Requirement: Leaving the pictures aside, restate all of the data exactly.

(Dataset records)
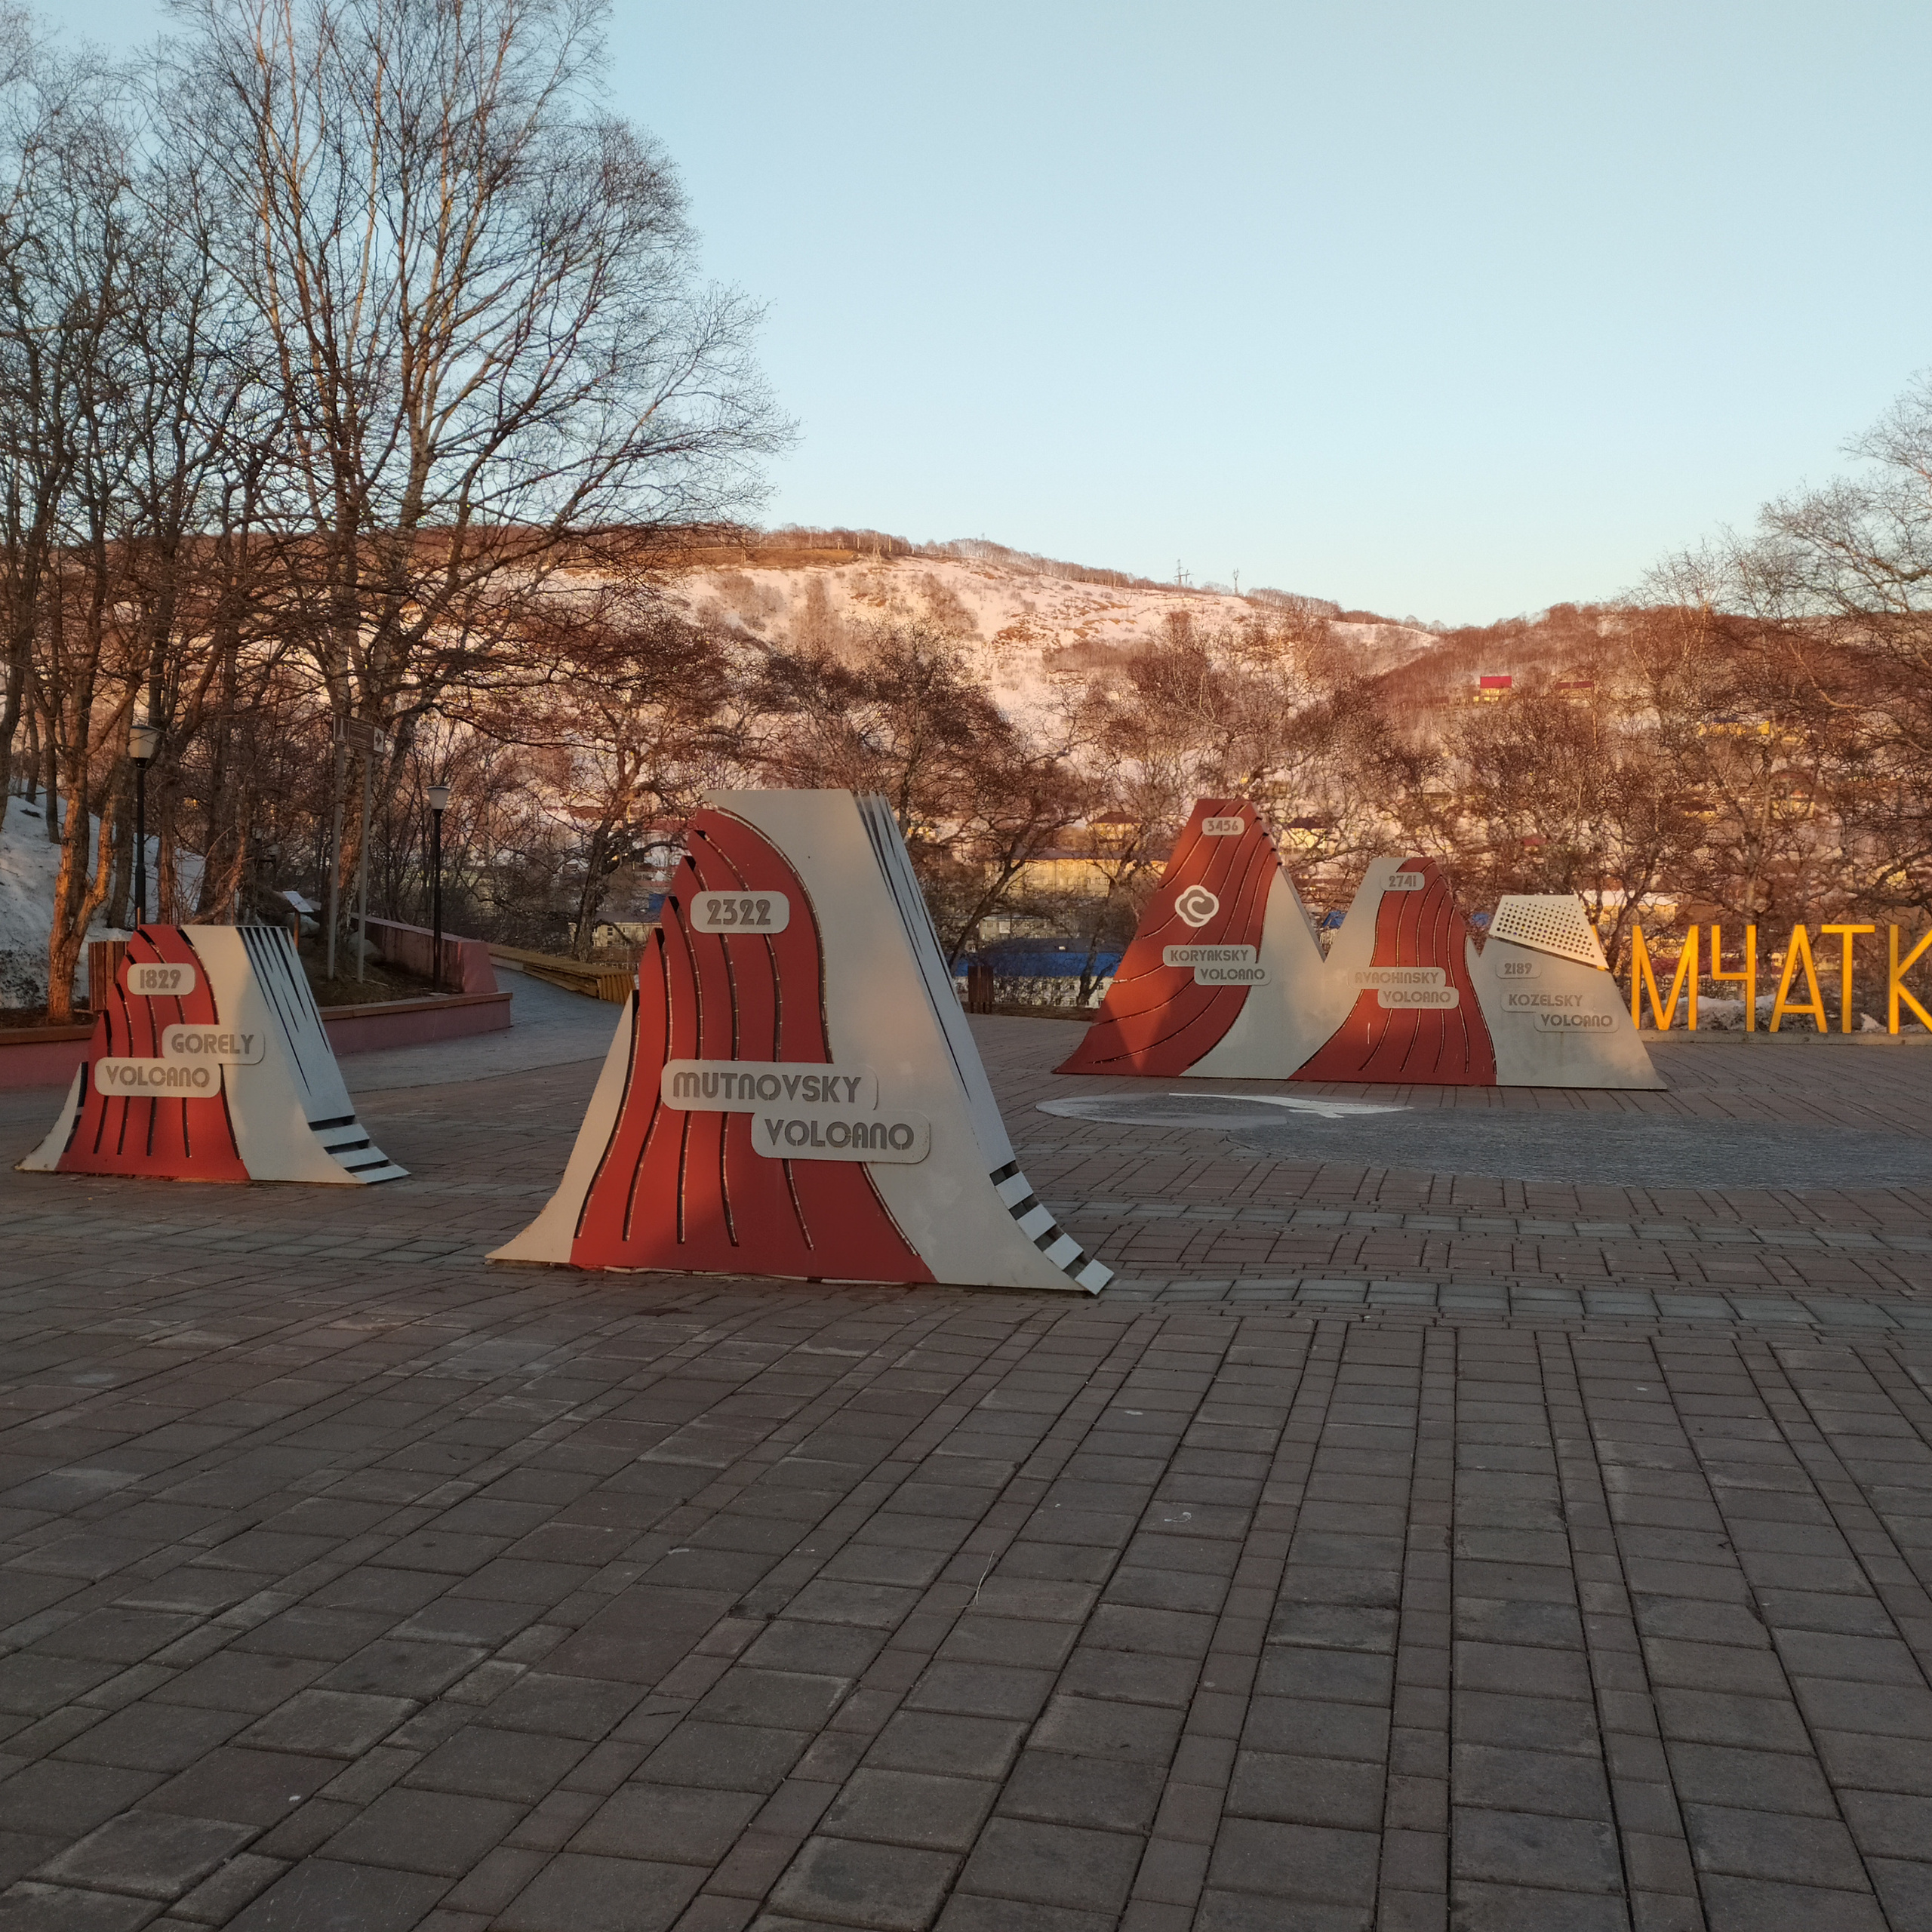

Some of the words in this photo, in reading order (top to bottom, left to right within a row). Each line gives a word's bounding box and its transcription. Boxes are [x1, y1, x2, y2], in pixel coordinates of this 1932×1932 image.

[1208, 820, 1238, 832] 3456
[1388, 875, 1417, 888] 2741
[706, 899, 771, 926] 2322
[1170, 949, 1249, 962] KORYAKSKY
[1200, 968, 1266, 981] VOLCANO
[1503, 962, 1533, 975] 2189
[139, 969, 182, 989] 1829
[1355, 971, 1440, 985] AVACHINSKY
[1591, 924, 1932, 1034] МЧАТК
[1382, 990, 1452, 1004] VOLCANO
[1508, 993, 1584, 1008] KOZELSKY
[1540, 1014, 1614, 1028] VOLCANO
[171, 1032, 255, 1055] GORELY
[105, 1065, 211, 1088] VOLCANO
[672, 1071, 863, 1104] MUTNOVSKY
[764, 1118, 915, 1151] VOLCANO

Task response:
Some of the words in this photo, in reading order (top to bottom, left to right within a row). Each line gives a word's bounding box and its transcription. Boxes are [x1, y1, x2, y2], in pixel coordinates of this 1932×1932 image.

[1208, 820, 1238, 832] 3456
[1388, 875, 1417, 888] 2741
[706, 899, 771, 926] 2322
[1170, 949, 1249, 962] KORYAKSKY
[1200, 968, 1266, 981] VOLCANO
[1503, 962, 1533, 975] 2189
[139, 969, 182, 989] 1829
[1355, 971, 1440, 985] AVACHINSKY
[1591, 924, 1932, 1034] МЧАТК
[1382, 990, 1452, 1004] VOLCANO
[1508, 993, 1584, 1008] KOZELSKY
[1540, 1014, 1614, 1028] VOLCANO
[171, 1032, 255, 1055] GORELY
[105, 1065, 211, 1088] VOLCANO
[672, 1071, 863, 1104] MUTNOVSKY
[764, 1118, 915, 1151] VOLCANO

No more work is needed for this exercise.